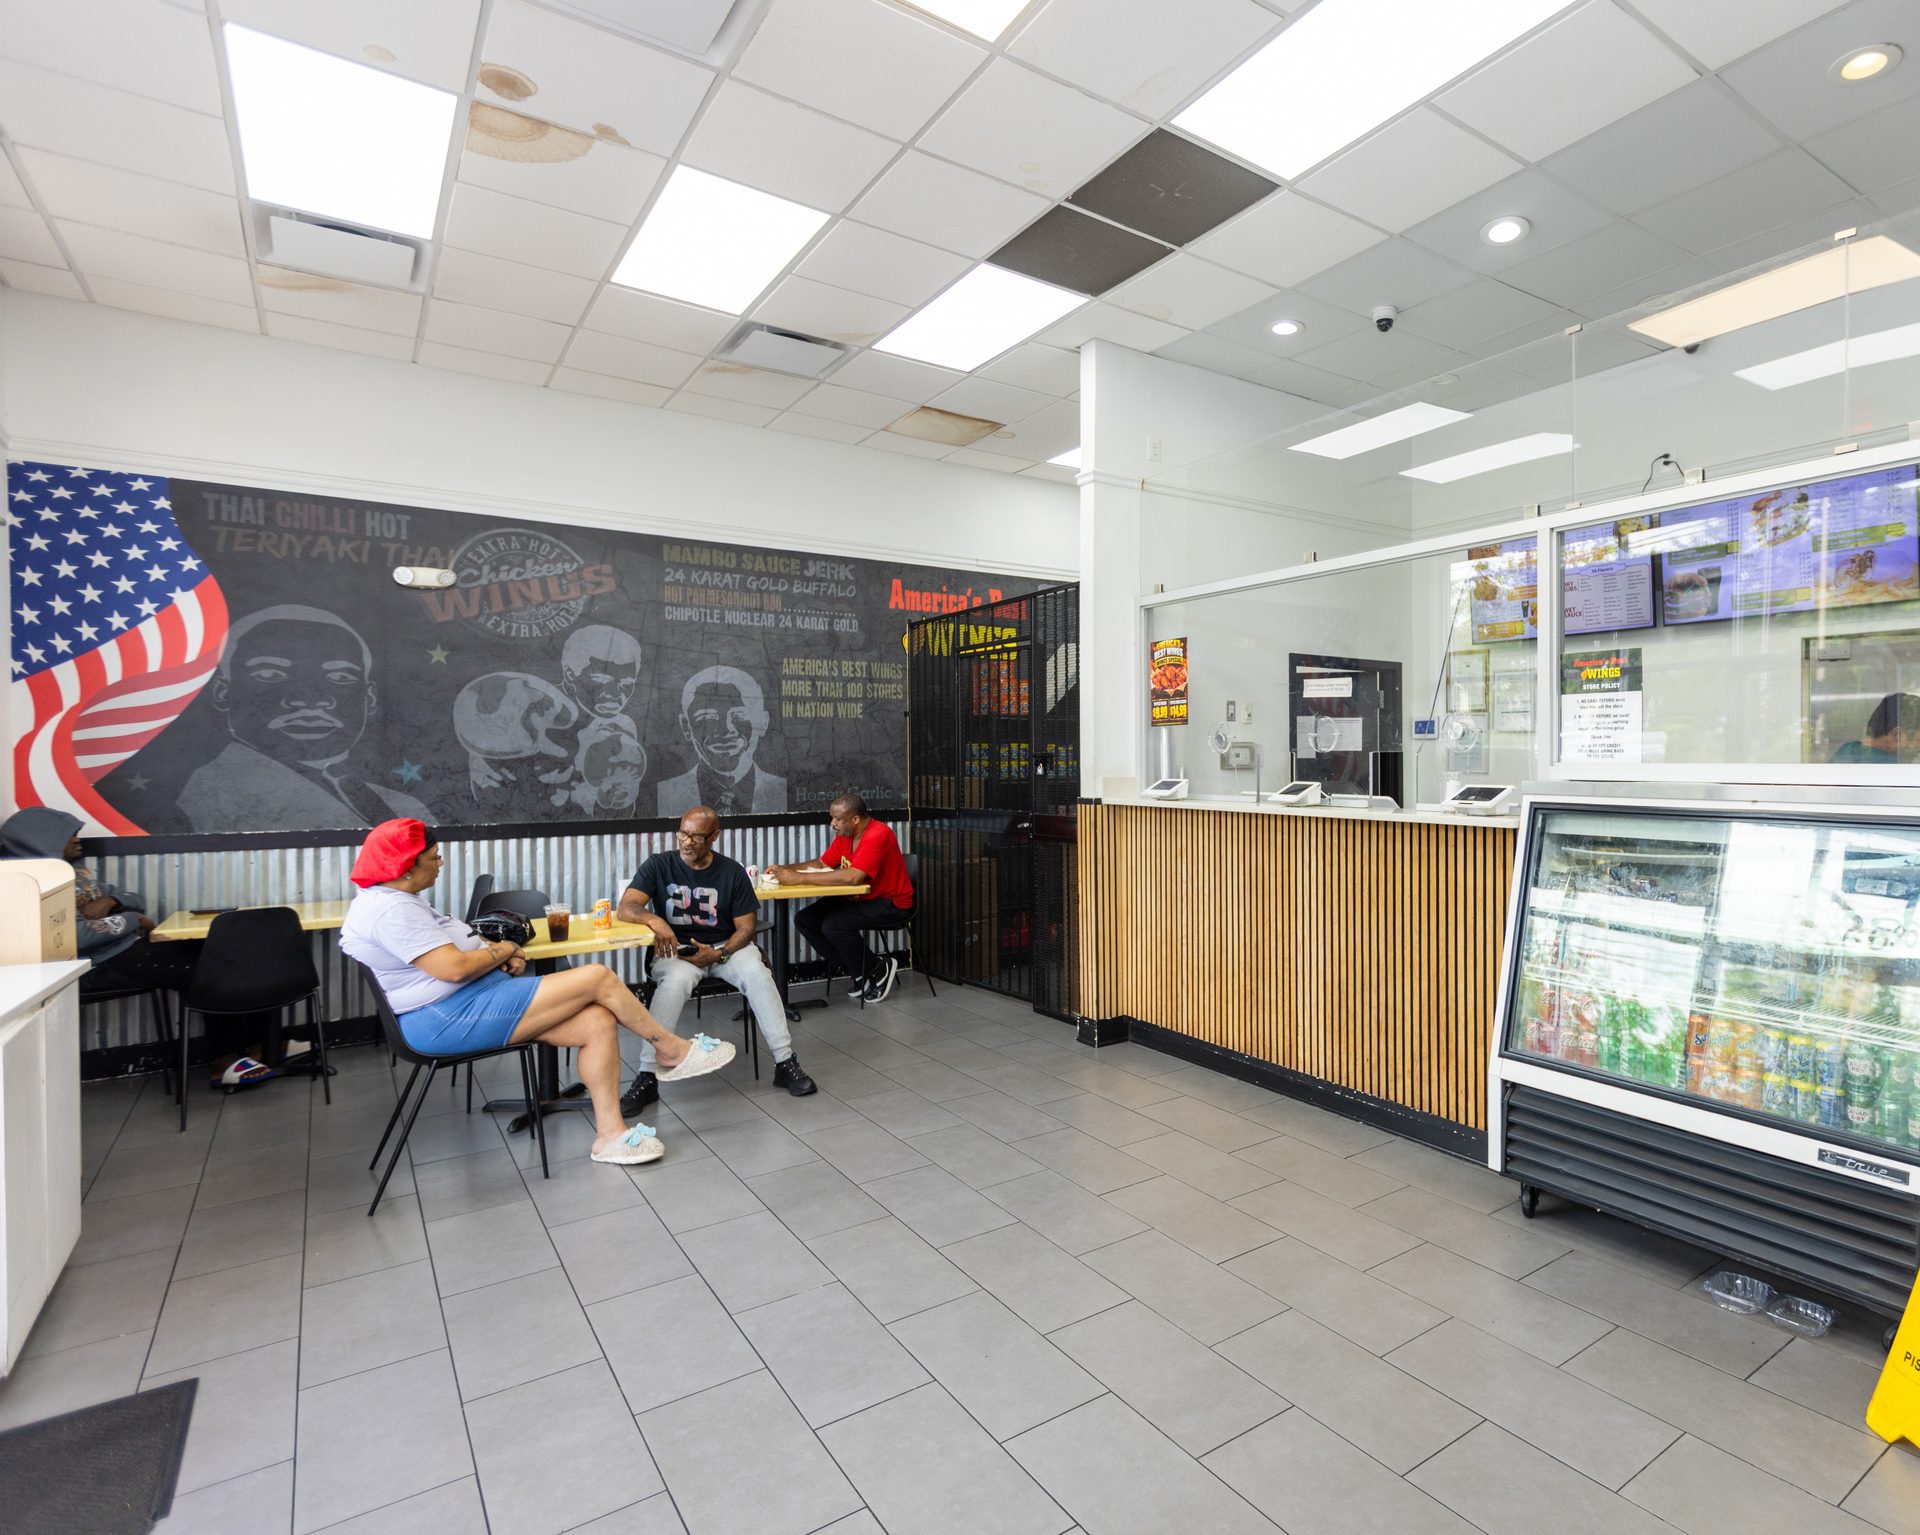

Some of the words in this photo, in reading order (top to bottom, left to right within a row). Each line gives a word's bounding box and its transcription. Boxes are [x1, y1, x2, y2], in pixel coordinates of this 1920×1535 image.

[202, 492, 265, 525] THAI
[275, 500, 355, 535] CHILLI
[365, 510, 412, 540] HOT
[209, 525, 371, 564] TERIYAKI
[467, 536, 520, 564] EXTRA
[529, 538, 561, 560] HOT
[455, 558, 578, 588] Chicken
[663, 543, 736, 569] MAMBO
[741, 552, 801, 576] SAUCE
[803, 560, 856, 580] JERK
[664, 568, 686, 583] 24
[691, 570, 743, 590] KARAT
[747, 576, 788, 592] GOLD
[793, 580, 856, 597] BUFFALO
[664, 585, 683, 603] HOT
[485, 615, 542, 638] EXTRA
[665, 606, 720, 624] CHIPOTLE
[724, 610, 775, 627] NUCLEAR
[778, 614, 793, 628] 24
[796, 616, 830, 631] KARAT
[834, 618, 859, 633] GOLD
[783, 658, 838, 677] AMERICA'S
[842, 660, 868, 678] BEST
[871, 662, 903, 679] WINGS
[1588, 667, 1621, 679] WINGS
[782, 680, 812, 697] MORE
[815, 681, 843, 698] THAN
[847, 682, 863, 698] 100
[867, 683, 903, 699] STORES
[782, 701, 793, 718] IN
[797, 701, 833, 718] NATION
[837, 702, 863, 718] WIDE
[666, 883, 719, 927] 23
[1845, 1158, 1888, 1176] true
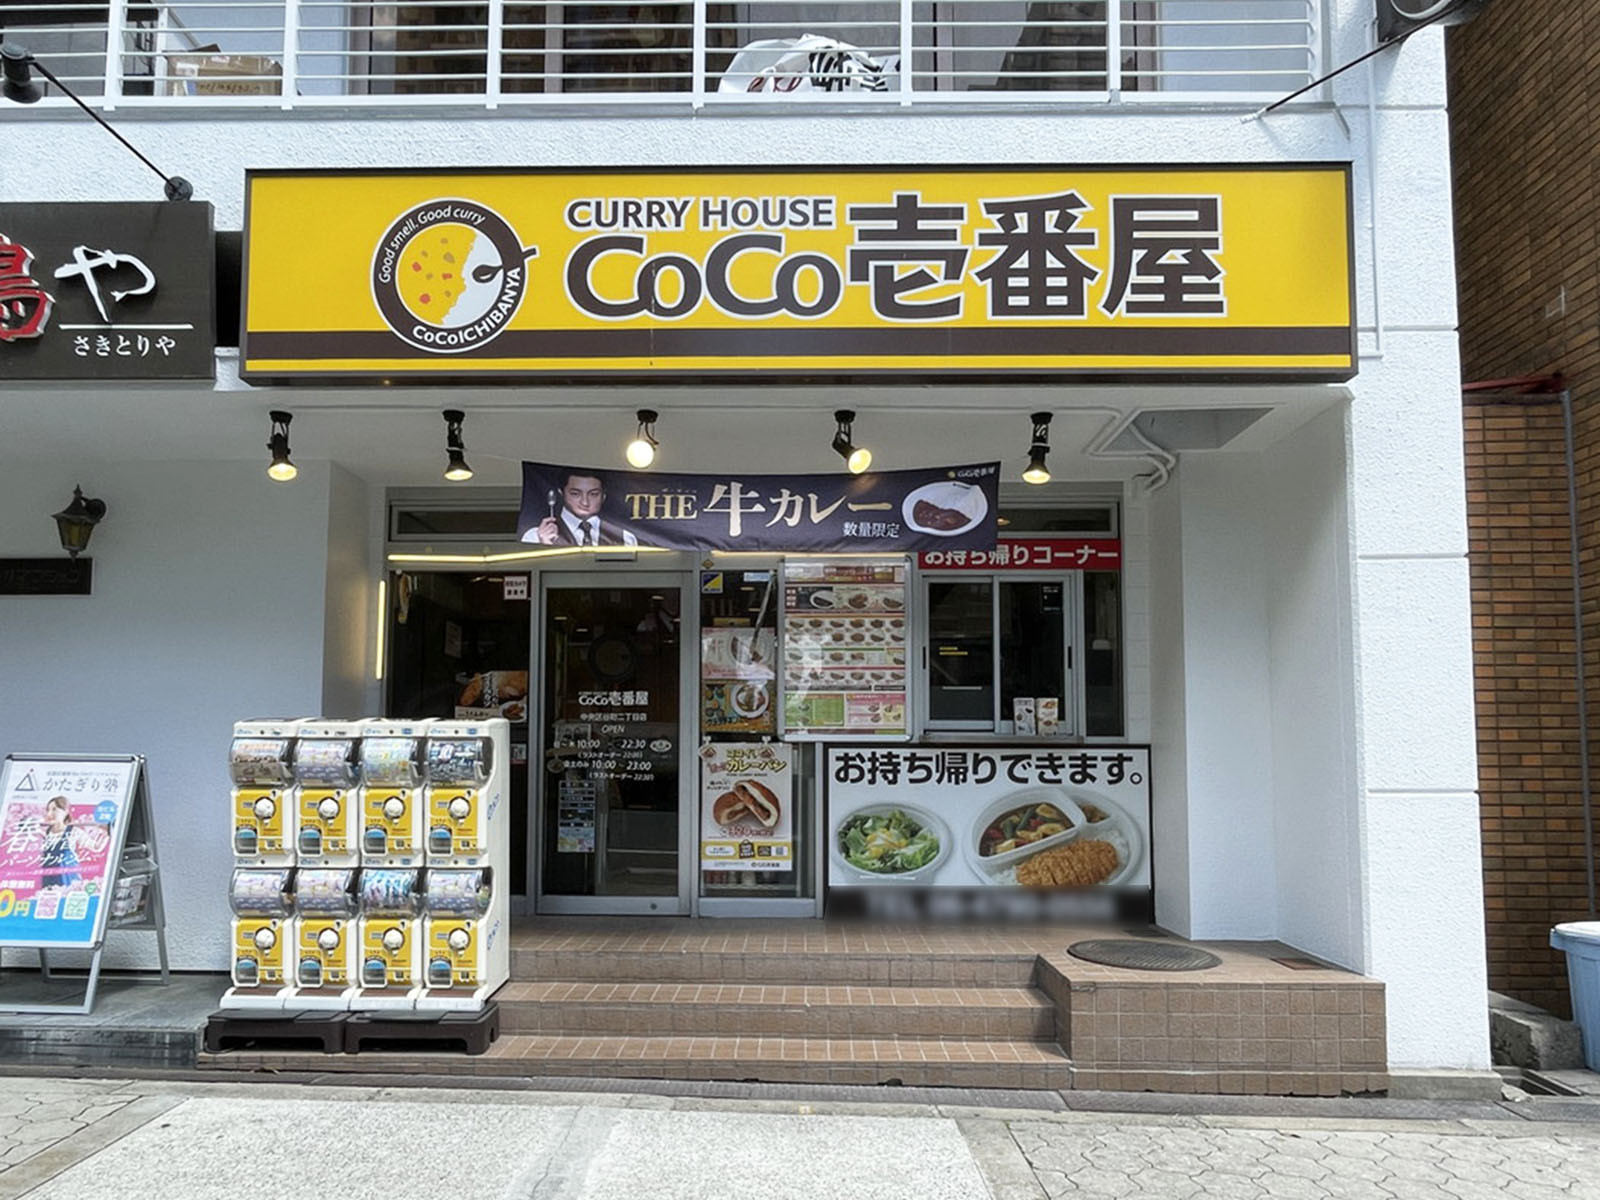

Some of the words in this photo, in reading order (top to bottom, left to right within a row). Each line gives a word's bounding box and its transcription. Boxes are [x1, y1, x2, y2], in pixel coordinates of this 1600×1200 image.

[566, 198, 692, 229] CURRY
[701, 197, 835, 228] HOUSE
[379, 247, 396, 284] Good
[390, 218, 420, 250] smell.
[417, 205, 452, 225] Good
[453, 207, 486, 226] curry
[565, 191, 1228, 321] CoCo壱番屋
[412, 266, 522, 345] CoCoICHIBANYA
[73, 334, 177, 357] さきとりや
[842, 522, 900, 539] 数量限定
[924, 544, 1119, 566] お持ち帰りコーナー
[601, 724, 626, 734] OPEN
[577, 739, 601, 750] 10:00
[591, 760, 617, 769] 10:00
[834, 751, 1143, 786] お持ち帰りできます。

************

If an entry holds an image, omit that image and print the remainder exactly as it stands.

Some of the words in this photo, in reading order (top to bottom, left to right within a row). Each line gives a word's bounding box and its transcription. Boxes are [x1, y1, x2, y2], in pixel coordinates of this 1920×1535 image.

[202, 492, 265, 525] THAI
[275, 500, 355, 535] CHILLI
[365, 510, 412, 540] HOT
[209, 525, 371, 564] TERIYAKI
[467, 536, 520, 564] EXTRA
[529, 538, 561, 560] HOT
[455, 558, 578, 588] Chicken
[663, 543, 736, 569] MAMBO
[741, 552, 801, 576] SAUCE
[803, 560, 856, 580] JERK
[664, 568, 686, 583] 24
[691, 570, 743, 590] KARAT
[747, 576, 788, 592] GOLD
[793, 580, 856, 597] BUFFALO
[664, 585, 683, 603] HOT
[485, 615, 542, 638] EXTRA
[665, 606, 720, 624] CHIPOTLE
[724, 610, 775, 627] NUCLEAR
[778, 614, 793, 628] 24
[796, 616, 830, 631] KARAT
[834, 618, 859, 633] GOLD
[783, 658, 838, 677] AMERICA'S
[842, 660, 868, 678] BEST
[871, 662, 903, 679] WINGS
[1588, 667, 1621, 679] WINGS
[782, 680, 812, 697] MORE
[815, 681, 843, 698] THAN
[847, 682, 863, 698] 100
[867, 683, 903, 699] STORES
[782, 701, 793, 718] IN
[797, 701, 833, 718] NATION
[837, 702, 863, 718] WIDE
[666, 883, 719, 927] 23
[1845, 1158, 1888, 1176] true

Some of the words in this photo, in reading order (top to bottom, left to right within a row). Each line gives a word's bounding box and its transcription. Boxes are [x1, y1, x2, y2], in pixel coordinates of this 1600×1200 image.

[566, 198, 692, 229] CURRY
[701, 197, 835, 228] HOUSE
[379, 247, 396, 284] Good
[390, 218, 420, 250] smell.
[417, 205, 452, 225] Good
[453, 207, 486, 226] curry
[565, 191, 1228, 321] CoCo壱番屋
[412, 266, 522, 345] CoCoICHIBANYA
[73, 334, 177, 357] さきとりや
[842, 522, 900, 539] 数量限定
[924, 544, 1119, 566] お持ち帰りコーナー
[601, 724, 626, 734] OPEN
[577, 739, 601, 750] 10:00
[591, 760, 617, 769] 10:00
[834, 751, 1143, 786] お持ち帰りできます。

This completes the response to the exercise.